While I agree with you about the ”plain meaning” of the language quoted, I cannot agree that you
should take any action on it, as the language may be unconstitutional.
The "right to run for office is seen as a fundamental right and restrictions upon it can be
constitutionally permissible only where they serve a compelling state interest". McQuillin,
Municipal Corporations, 3rd Ed., Vol. 3, ' 12.58, page 295. Whenever the courts consider the
right to be a fundamental right, then they apply the most stringent review of the restriction being
imposed, known as strict scrutiny. This means that the government must prove that the
restriction is absolutely necessary to further an extremely important purpose.
The first question to ask then, is what purpose is furthered by requiring a candidate to be
current in his or her payment of property taxes?
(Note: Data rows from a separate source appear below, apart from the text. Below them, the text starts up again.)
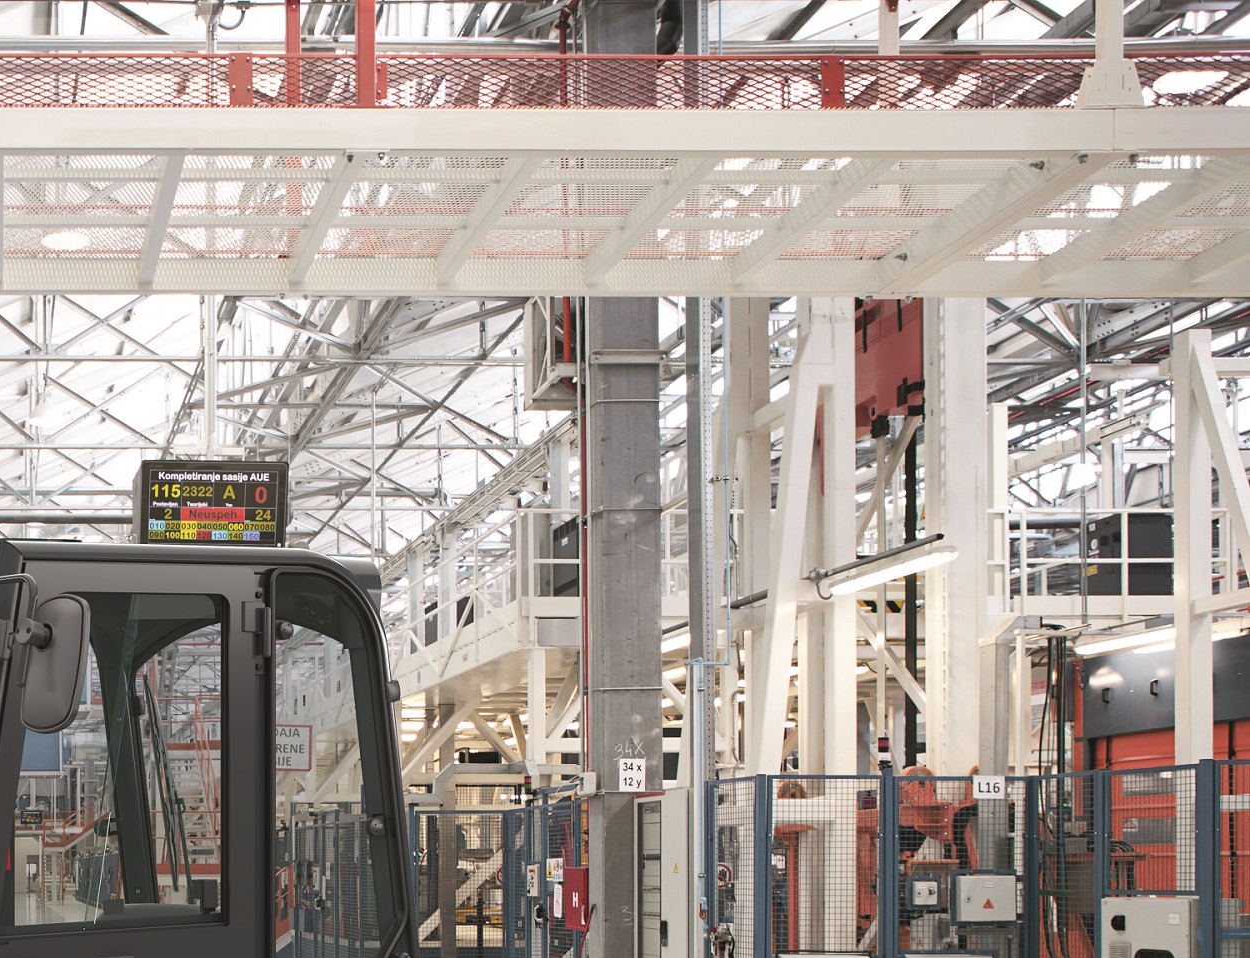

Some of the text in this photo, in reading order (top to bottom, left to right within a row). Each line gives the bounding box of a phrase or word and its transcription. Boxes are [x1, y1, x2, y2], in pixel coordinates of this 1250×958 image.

[158, 472, 270, 483] Kompletiranje sasije AUE
[151, 484, 268, 504] 115 2322 A 0
[164, 508, 271, 520] 2 Neuspeh 24
[228, 523, 244, 531] 060
[165, 531, 180, 539] 100
[213, 532, 228, 540] 130
[244, 532, 259, 540] 150
[622, 762, 642, 772] 34 x
[623, 777, 642, 789] 12 y
[978, 782, 1001, 793] L16
[572, 891, 579, 908] H
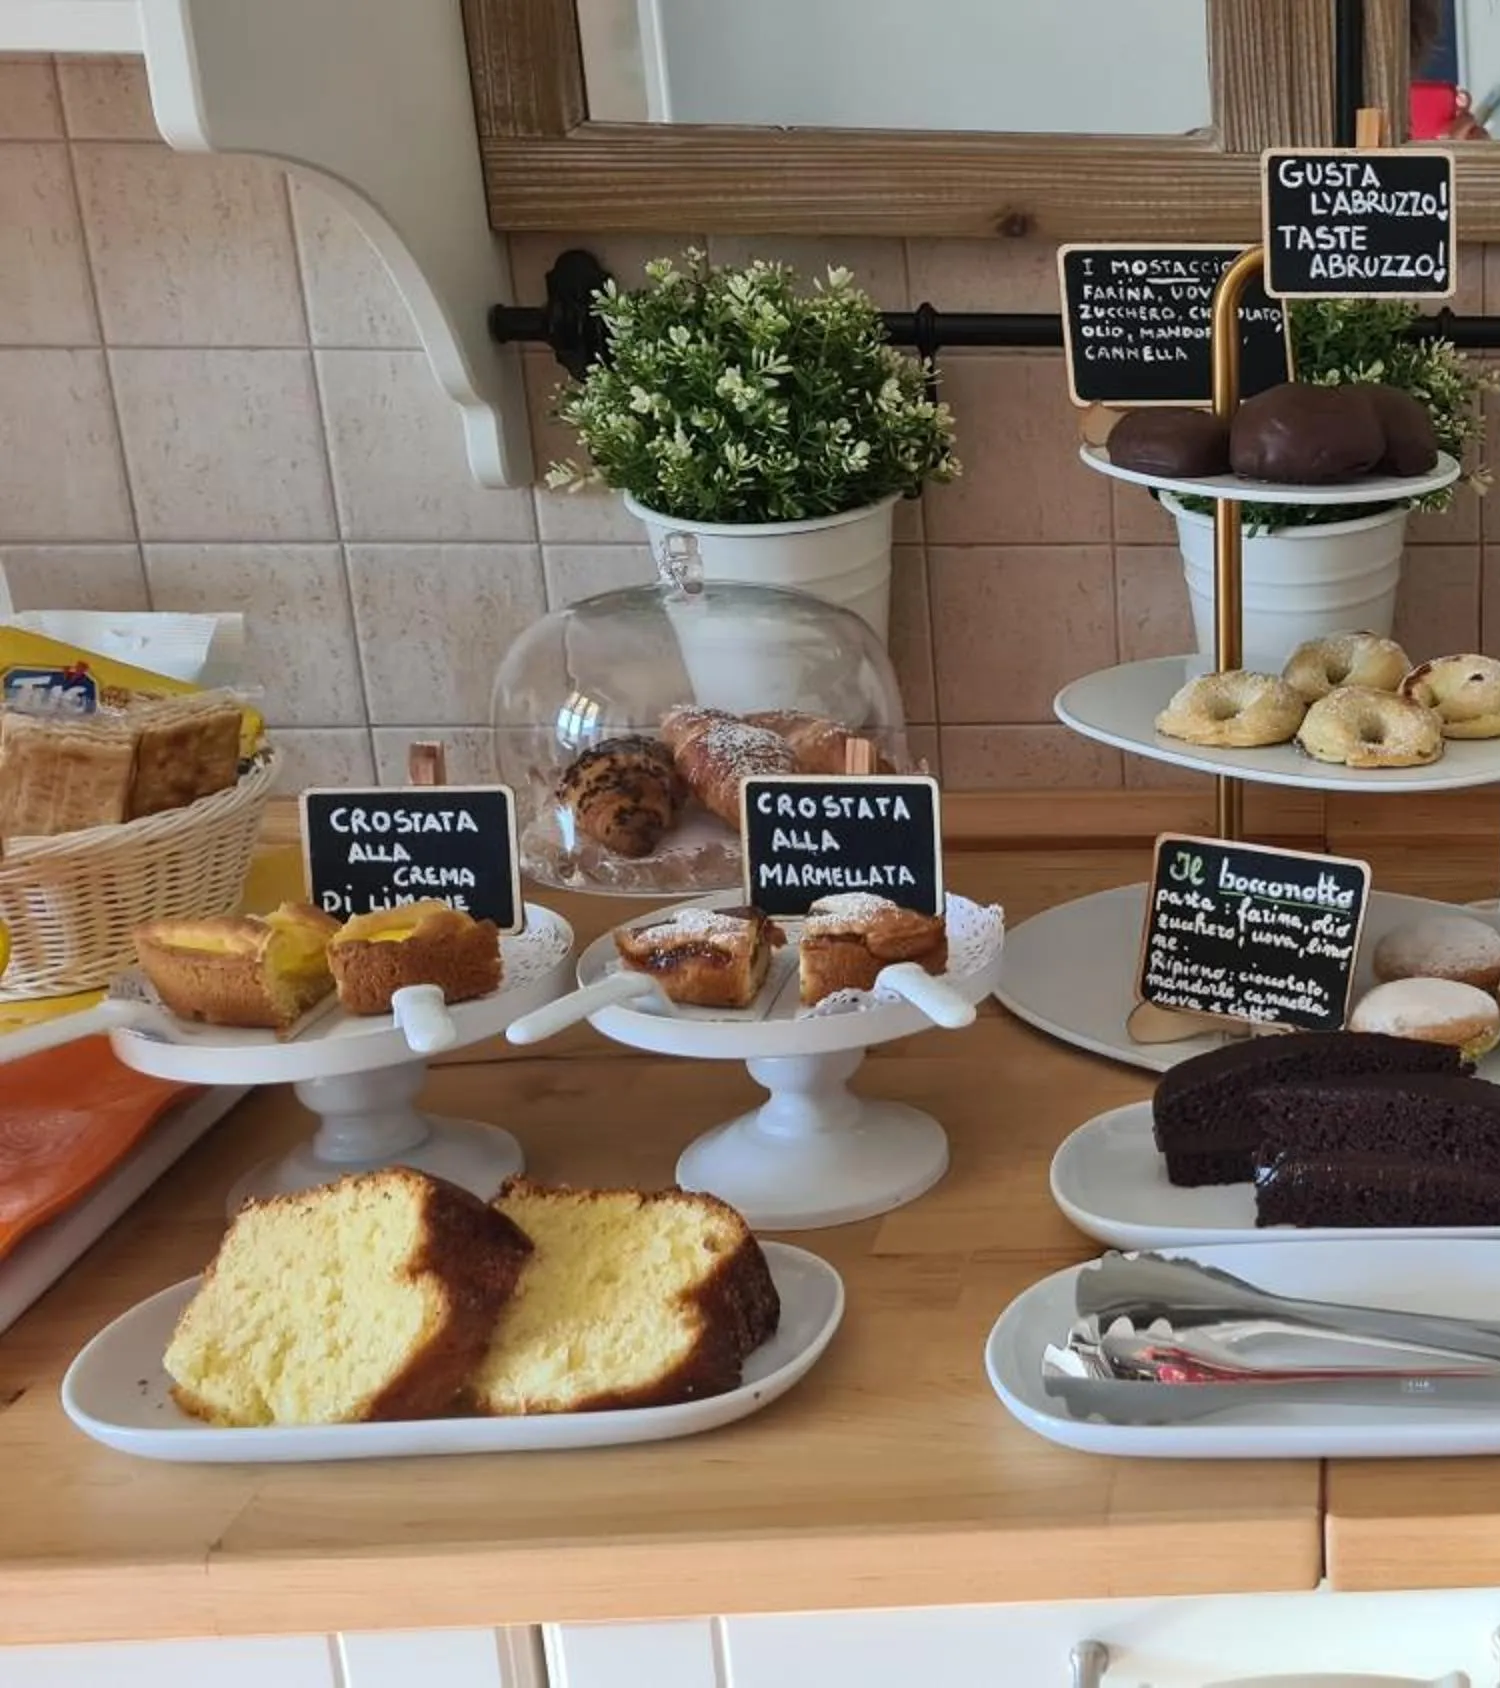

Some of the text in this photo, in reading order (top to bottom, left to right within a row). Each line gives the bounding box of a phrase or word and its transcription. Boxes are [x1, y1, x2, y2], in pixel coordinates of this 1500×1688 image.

[1278, 159, 1381, 188] GUSTA
[1310, 181, 1448, 221] L'ABRUZZO!
[1277, 224, 1368, 250] TASTE
[1081, 258, 1094, 276] I
[1309, 240, 1446, 283] ABRUZZO!
[1170, 286, 1212, 300] UOV
[1084, 346, 1189, 362] CANNELLA
[757, 792, 911, 822] CROSTATA
[329, 807, 478, 834] CROSTATA
[348, 841, 411, 864] ALLA
[772, 828, 840, 852] ALLA
[393, 865, 475, 887] CREMA
[759, 863, 915, 888] MARMELLATA
Since there are other remedies available to
compel payment of the taxes, it is highly doubtful that any legitimate, much less compelling, state
interest is served by the requirement of being paid up for property tax. I cannot imagine any
reason for this requirement that could be put forth to justify the interference with the fundamental
right of running for office.
There is a long line of cases including the United States Supreme Court case of Turner
v. Fouche, 396 U.S. 346 (1970) and Quinn v. Millsap, 491 U.S. 95 (1989), which have decided
on several “requirements” for a candidate for public office. For example, the courts have found
there is no "compelling" purpose served by requiring a candidate to own property, and that such
a requirement violates the equal protection clause of the Fourteenth Amendment.
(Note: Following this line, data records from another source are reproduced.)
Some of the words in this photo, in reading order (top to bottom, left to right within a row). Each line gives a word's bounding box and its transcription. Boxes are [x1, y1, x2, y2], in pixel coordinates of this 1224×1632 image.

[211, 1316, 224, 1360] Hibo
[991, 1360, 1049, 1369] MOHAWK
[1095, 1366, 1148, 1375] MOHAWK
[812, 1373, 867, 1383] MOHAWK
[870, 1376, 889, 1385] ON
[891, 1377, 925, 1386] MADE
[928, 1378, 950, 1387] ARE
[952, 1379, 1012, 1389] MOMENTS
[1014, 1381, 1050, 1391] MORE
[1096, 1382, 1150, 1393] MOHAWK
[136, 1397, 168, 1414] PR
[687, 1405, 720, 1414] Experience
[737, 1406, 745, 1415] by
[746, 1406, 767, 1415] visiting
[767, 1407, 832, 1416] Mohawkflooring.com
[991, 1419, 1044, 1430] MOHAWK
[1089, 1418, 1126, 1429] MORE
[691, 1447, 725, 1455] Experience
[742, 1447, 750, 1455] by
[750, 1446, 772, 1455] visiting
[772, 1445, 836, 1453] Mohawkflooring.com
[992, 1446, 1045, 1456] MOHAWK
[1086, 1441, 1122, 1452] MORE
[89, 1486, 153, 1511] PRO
There are some qualifications for holding public office that are considered reasonable,
such as being a resident of the city or ward for a particular period of time. Obviously, one cannot
be familiar with or vested with the same degree of concern or interest in local government if they
are not a resident of that local government. Similarly, certain age requirements are upheld as
reasonably ensuring that persons with a certain level of maturity and experience are in positions
of leadership.
The requirement you have asked about would not withstand legal challenge and should
not be enforced.
Please let me know if you need additional information.